Problem to solve
Your output must be the line containing "this 1280×1280 image." followed by every later line in the entries below, all copied exactly.

Given entries
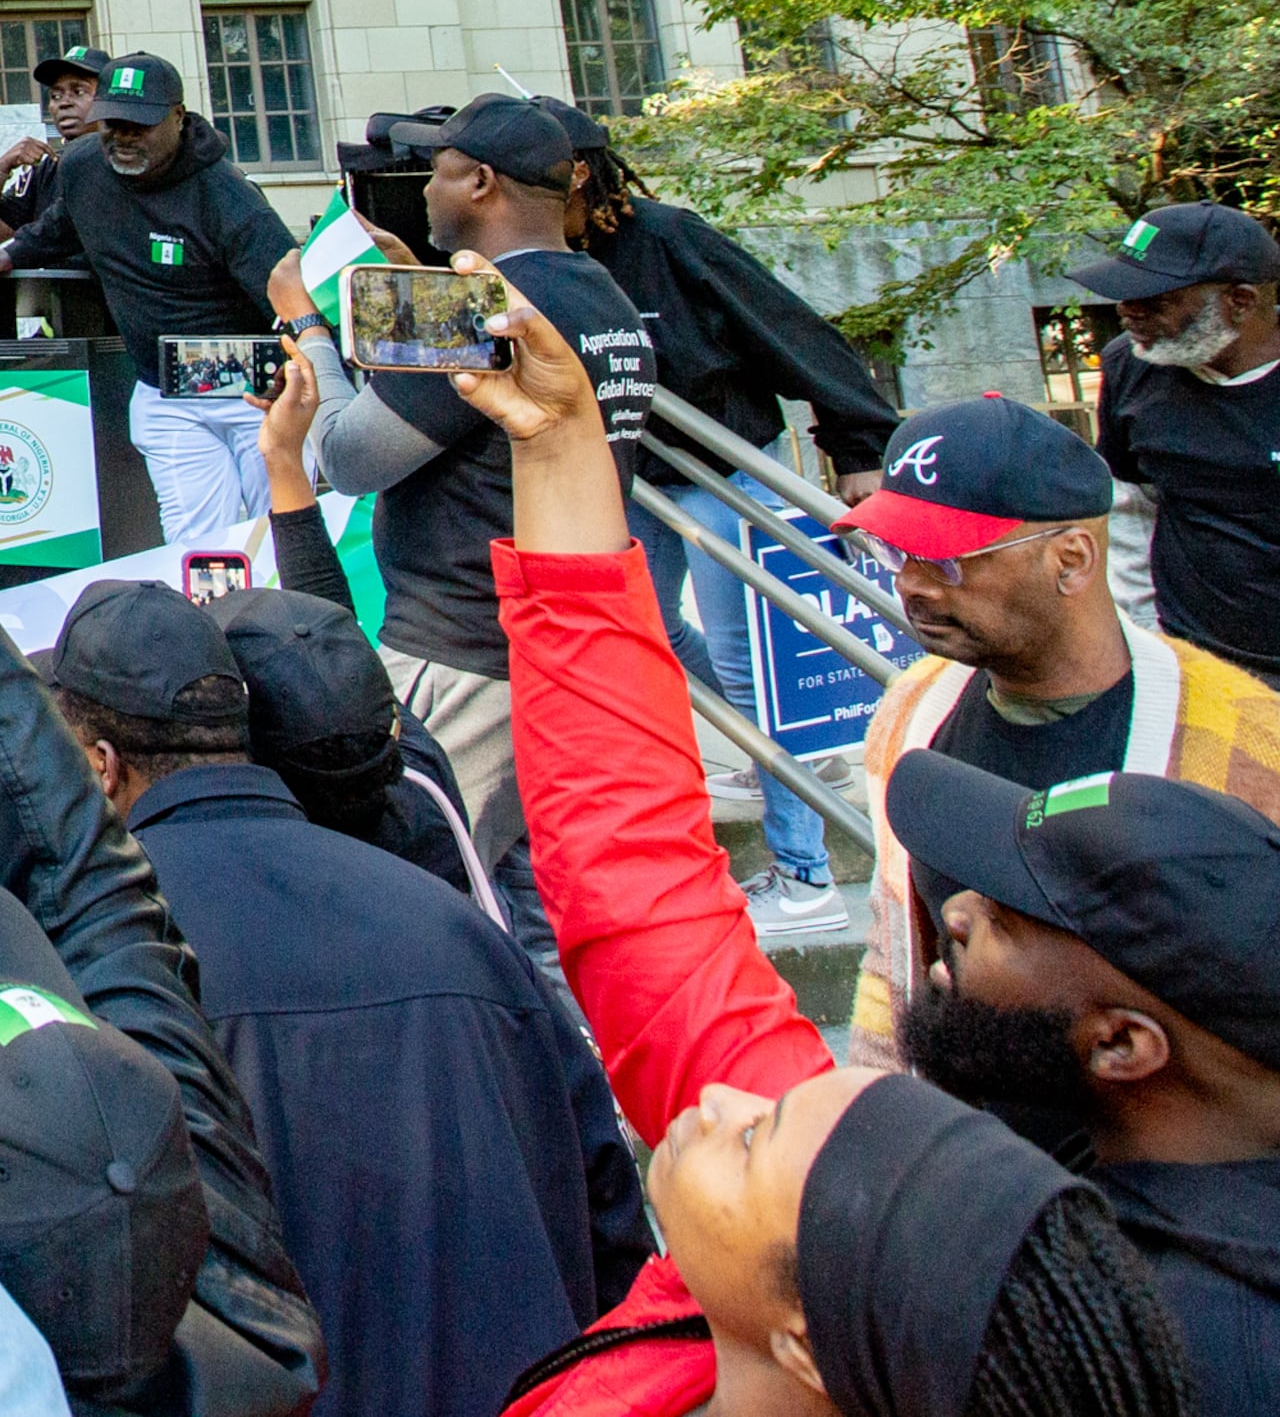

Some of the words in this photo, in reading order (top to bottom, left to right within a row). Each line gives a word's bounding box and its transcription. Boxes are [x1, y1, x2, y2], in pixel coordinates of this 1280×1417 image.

[580, 328, 640, 355] Appreciation
[609, 353, 622, 373] for
[623, 357, 640, 372] our
[597, 378, 625, 401] Global
[21, 431, 31, 440] OF
[31, 440, 49, 474] NIGERIA
[888, 435, 944, 484] A
[798, 676, 824, 690] FOR
[828, 666, 865, 684] STATE
[1025, 811, 1043, 829] 62
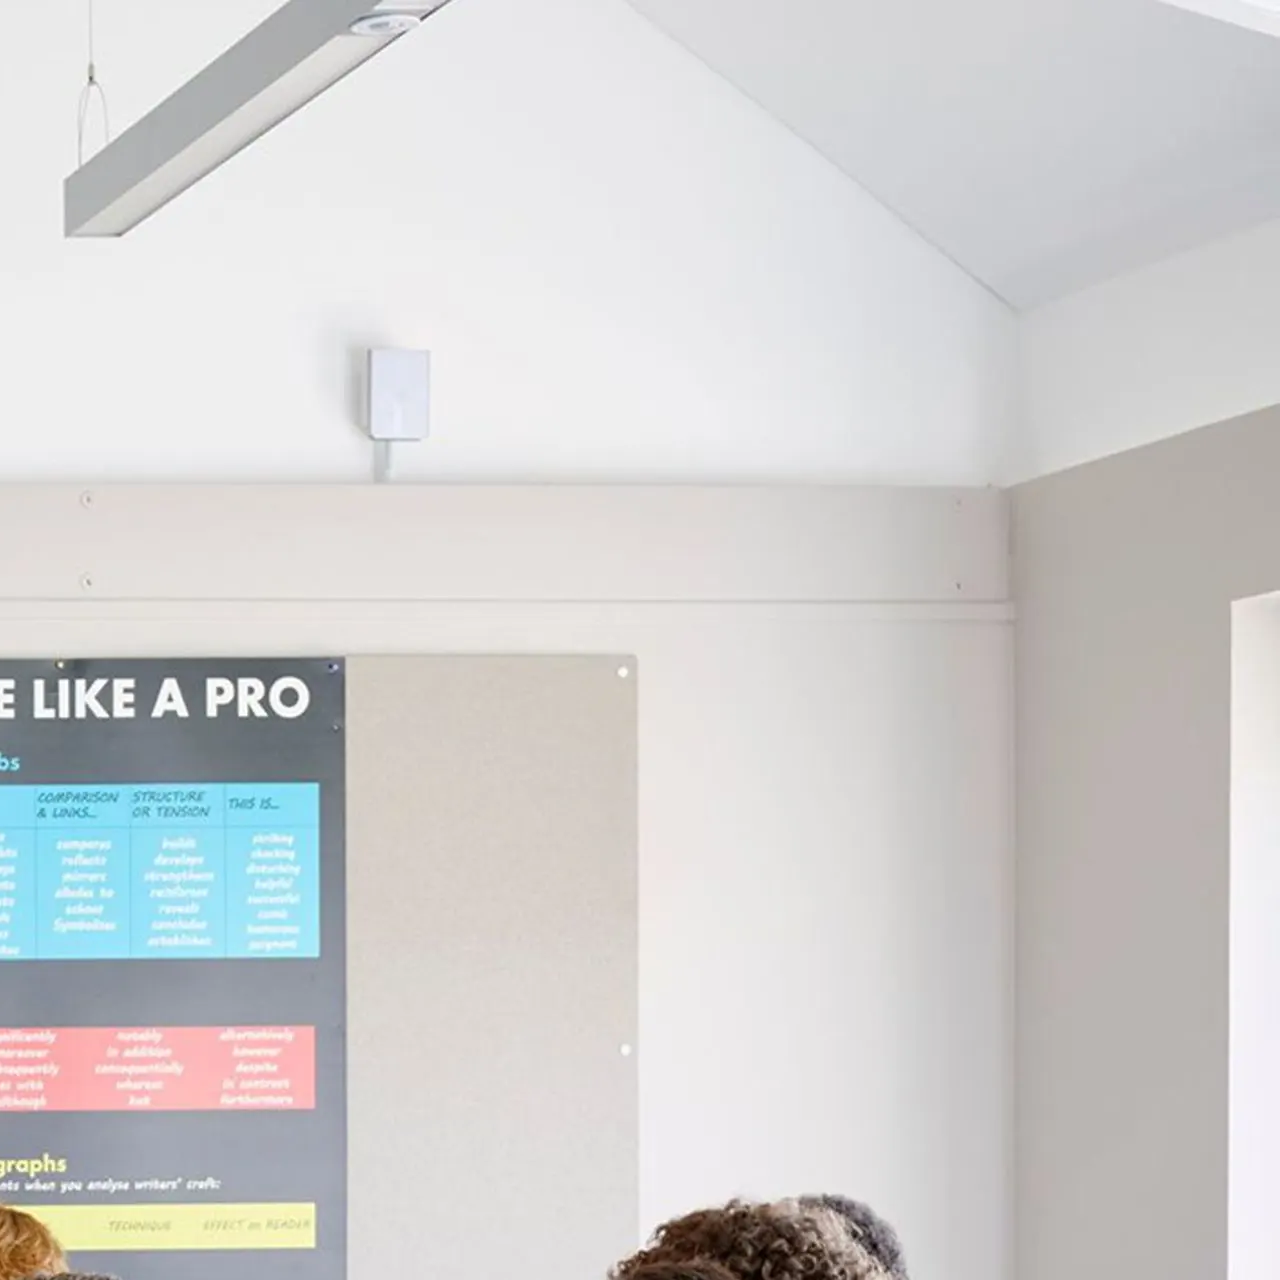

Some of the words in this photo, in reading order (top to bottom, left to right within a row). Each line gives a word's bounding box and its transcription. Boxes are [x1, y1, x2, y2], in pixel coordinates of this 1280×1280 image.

[33, 679, 135, 719] LIKE
[152, 679, 189, 718] A
[206, 677, 310, 718] PRO
[37, 791, 120, 804] COMPARISON
[133, 791, 206, 803] STRUCTURE
[228, 798, 256, 809] THIS
[37, 807, 47, 818] &
[133, 807, 151, 818] OR
[157, 806, 210, 818] TENSION
[25, 1180, 55, 1192] when
[61, 1180, 83, 1194] you
[88, 1179, 129, 1194] analyse
[187, 1178, 221, 1191] craft:
[109, 1221, 172, 1232] TECHNIQUE

Your response
Some of the words in this photo, in reading order (top to bottom, left to right within a row). Each line gives a word's bounding box and its transcription. Boxes are [x1, y1, x2, y2], in pixel coordinates of this 1280×1280 image.

[33, 679, 135, 719] LIKE
[152, 679, 189, 718] A
[206, 677, 310, 718] PRO
[37, 791, 120, 804] COMPARISON
[133, 791, 206, 803] STRUCTURE
[228, 798, 256, 809] THIS
[37, 807, 47, 818] &
[133, 807, 151, 818] OR
[157, 806, 210, 818] TENSION
[25, 1180, 55, 1192] when
[61, 1180, 83, 1194] you
[88, 1179, 129, 1194] analyse
[187, 1178, 221, 1191] craft:
[109, 1221, 172, 1232] TECHNIQUE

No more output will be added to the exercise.